* [Task details]
The answer must be the full listing, repeated word for word.

* [Task inputs]
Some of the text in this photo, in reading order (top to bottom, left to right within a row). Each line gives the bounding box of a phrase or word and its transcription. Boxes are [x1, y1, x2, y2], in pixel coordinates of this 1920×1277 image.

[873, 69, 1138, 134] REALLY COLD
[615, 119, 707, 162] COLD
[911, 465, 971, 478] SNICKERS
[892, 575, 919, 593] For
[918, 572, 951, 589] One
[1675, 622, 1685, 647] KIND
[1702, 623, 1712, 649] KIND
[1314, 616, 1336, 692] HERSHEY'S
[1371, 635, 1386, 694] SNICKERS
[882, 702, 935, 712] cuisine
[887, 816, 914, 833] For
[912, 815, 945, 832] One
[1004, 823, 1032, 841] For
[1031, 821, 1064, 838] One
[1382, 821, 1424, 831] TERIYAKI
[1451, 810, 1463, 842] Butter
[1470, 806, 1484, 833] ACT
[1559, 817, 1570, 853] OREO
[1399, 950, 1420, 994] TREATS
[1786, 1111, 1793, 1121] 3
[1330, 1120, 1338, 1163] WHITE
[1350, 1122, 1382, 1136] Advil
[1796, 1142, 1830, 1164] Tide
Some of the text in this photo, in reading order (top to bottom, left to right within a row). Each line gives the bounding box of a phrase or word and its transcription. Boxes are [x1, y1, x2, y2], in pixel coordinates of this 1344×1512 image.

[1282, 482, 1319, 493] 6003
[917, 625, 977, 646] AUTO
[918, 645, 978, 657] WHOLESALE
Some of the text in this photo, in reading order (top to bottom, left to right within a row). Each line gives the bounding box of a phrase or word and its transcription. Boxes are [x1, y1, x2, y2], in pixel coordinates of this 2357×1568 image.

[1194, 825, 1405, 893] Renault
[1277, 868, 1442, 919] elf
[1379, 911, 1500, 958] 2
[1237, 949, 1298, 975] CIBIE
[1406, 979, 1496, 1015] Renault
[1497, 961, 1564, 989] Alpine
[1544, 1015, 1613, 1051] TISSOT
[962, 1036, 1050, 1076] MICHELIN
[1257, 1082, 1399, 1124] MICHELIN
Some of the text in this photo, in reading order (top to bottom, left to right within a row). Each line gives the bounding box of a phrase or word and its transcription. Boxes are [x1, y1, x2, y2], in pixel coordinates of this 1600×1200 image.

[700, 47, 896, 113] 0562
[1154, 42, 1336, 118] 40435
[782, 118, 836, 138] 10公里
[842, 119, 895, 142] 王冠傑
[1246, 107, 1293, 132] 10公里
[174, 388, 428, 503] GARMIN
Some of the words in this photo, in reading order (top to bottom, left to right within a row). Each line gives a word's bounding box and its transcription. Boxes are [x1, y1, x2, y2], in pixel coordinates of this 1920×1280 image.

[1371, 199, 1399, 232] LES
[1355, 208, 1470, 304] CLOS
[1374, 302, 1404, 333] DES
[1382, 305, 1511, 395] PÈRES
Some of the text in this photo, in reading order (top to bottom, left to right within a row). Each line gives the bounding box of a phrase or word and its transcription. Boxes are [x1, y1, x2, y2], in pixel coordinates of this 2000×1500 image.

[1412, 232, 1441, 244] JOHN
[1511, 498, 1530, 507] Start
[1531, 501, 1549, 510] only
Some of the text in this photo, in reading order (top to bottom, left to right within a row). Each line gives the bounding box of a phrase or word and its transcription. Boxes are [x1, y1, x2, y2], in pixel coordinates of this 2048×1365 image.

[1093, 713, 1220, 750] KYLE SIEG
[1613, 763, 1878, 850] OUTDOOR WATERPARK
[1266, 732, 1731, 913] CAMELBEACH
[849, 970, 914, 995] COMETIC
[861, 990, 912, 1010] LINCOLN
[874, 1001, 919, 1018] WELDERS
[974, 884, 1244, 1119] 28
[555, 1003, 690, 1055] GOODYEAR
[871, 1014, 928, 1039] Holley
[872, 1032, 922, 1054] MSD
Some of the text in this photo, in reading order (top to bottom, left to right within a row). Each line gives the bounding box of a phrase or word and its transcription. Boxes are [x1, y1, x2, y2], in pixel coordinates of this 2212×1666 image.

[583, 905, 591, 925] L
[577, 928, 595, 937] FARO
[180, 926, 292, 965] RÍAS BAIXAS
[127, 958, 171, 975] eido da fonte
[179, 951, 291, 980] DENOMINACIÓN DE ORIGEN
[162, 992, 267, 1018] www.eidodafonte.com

* [Output of the task]
Some of the text in this photo, in reading order (top to bottom, left to right within a row). Each line gives the bounding box of a phrase or word and its transcription. Boxes are [x1, y1, x2, y2], in pixel coordinates of this 1920×1277 image.

[873, 69, 1138, 134] REALLY COLD
[615, 119, 707, 162] COLD
[911, 465, 971, 478] SNICKERS
[892, 575, 919, 593] For
[918, 572, 951, 589] One
[1675, 622, 1685, 647] KIND
[1702, 623, 1712, 649] KIND
[1314, 616, 1336, 692] HERSHEY'S
[1371, 635, 1386, 694] SNICKERS
[882, 702, 935, 712] cuisine
[887, 816, 914, 833] For
[912, 815, 945, 832] One
[1004, 823, 1032, 841] For
[1031, 821, 1064, 838] One
[1382, 821, 1424, 831] TERIYAKI
[1451, 810, 1463, 842] Butter
[1470, 806, 1484, 833] ACT
[1559, 817, 1570, 853] OREO
[1399, 950, 1420, 994] TREATS
[1786, 1111, 1793, 1121] 3
[1330, 1120, 1338, 1163] WHITE
[1350, 1122, 1382, 1136] Advil
[1796, 1142, 1830, 1164] Tide
Some of the text in this photo, in reading order (top to bottom, left to right within a row). Each line gives the bounding box of a phrase or word and its transcription. Boxes are [x1, y1, x2, y2], in pixel coordinates of this 1344×1512 image.

[1282, 482, 1319, 493] 6003
[917, 625, 977, 646] AUTO
[918, 645, 978, 657] WHOLESALE
Some of the text in this photo, in reading order (top to bottom, left to right within a row). Each line gives the bounding box of a phrase or word and its transcription. Boxes are [x1, y1, x2, y2], in pixel coordinates of this 2357×1568 image.

[1194, 825, 1405, 893] Renault
[1277, 868, 1442, 919] elf
[1379, 911, 1500, 958] 2
[1237, 949, 1298, 975] CIBIE
[1406, 979, 1496, 1015] Renault
[1497, 961, 1564, 989] Alpine
[1544, 1015, 1613, 1051] TISSOT
[962, 1036, 1050, 1076] MICHELIN
[1257, 1082, 1399, 1124] MICHELIN
Some of the text in this photo, in reading order (top to bottom, left to right within a row). Each line gives the bounding box of a phrase or word and its transcription. Boxes are [x1, y1, x2, y2], in pixel coordinates of this 1600×1200 image.

[700, 47, 896, 113] 0562
[1154, 42, 1336, 118] 40435
[782, 118, 836, 138] 10公里
[842, 119, 895, 142] 王冠傑
[1246, 107, 1293, 132] 10公里
[174, 388, 428, 503] GARMIN
Some of the words in this photo, in reading order (top to bottom, left to right within a row). Each line gives a word's bounding box and its transcription. Boxes are [x1, y1, x2, y2], in pixel coordinates of this 1920×1280 image.

[1371, 199, 1399, 232] LES
[1355, 208, 1470, 304] CLOS
[1374, 302, 1404, 333] DES
[1382, 305, 1511, 395] PÈRES
Some of the text in this photo, in reading order (top to bottom, left to right within a row). Each line gives the bounding box of a phrase or word and its transcription. Boxes are [x1, y1, x2, y2], in pixel coordinates of this 2000×1500 image.

[1412, 232, 1441, 244] JOHN
[1511, 498, 1530, 507] Start
[1531, 501, 1549, 510] only
Some of the text in this photo, in reading order (top to bottom, left to right within a row). Each line gives the bounding box of a phrase or word and its transcription. Boxes are [x1, y1, x2, y2], in pixel coordinates of this 2048×1365 image.

[1093, 713, 1220, 750] KYLE SIEG
[1613, 763, 1878, 850] OUTDOOR WATERPARK
[1266, 732, 1731, 913] CAMELBEACH
[849, 970, 914, 995] COMETIC
[861, 990, 912, 1010] LINCOLN
[874, 1001, 919, 1018] WELDERS
[974, 884, 1244, 1119] 28
[555, 1003, 690, 1055] GOODYEAR
[871, 1014, 928, 1039] Holley
[872, 1032, 922, 1054] MSD
Some of the text in this photo, in reading order (top to bottom, left to right within a row). Each line gives the bounding box of a phrase or word and its transcription. Boxes are [x1, y1, x2, y2], in pixel coordinates of this 2212×1666 image.

[583, 905, 591, 925] L
[577, 928, 595, 937] FARO
[180, 926, 292, 965] RÍAS BAIXAS
[127, 958, 171, 975] eido da fonte
[179, 951, 291, 980] DENOMINACIÓN DE ORIGEN
[162, 992, 267, 1018] www.eidodafonte.com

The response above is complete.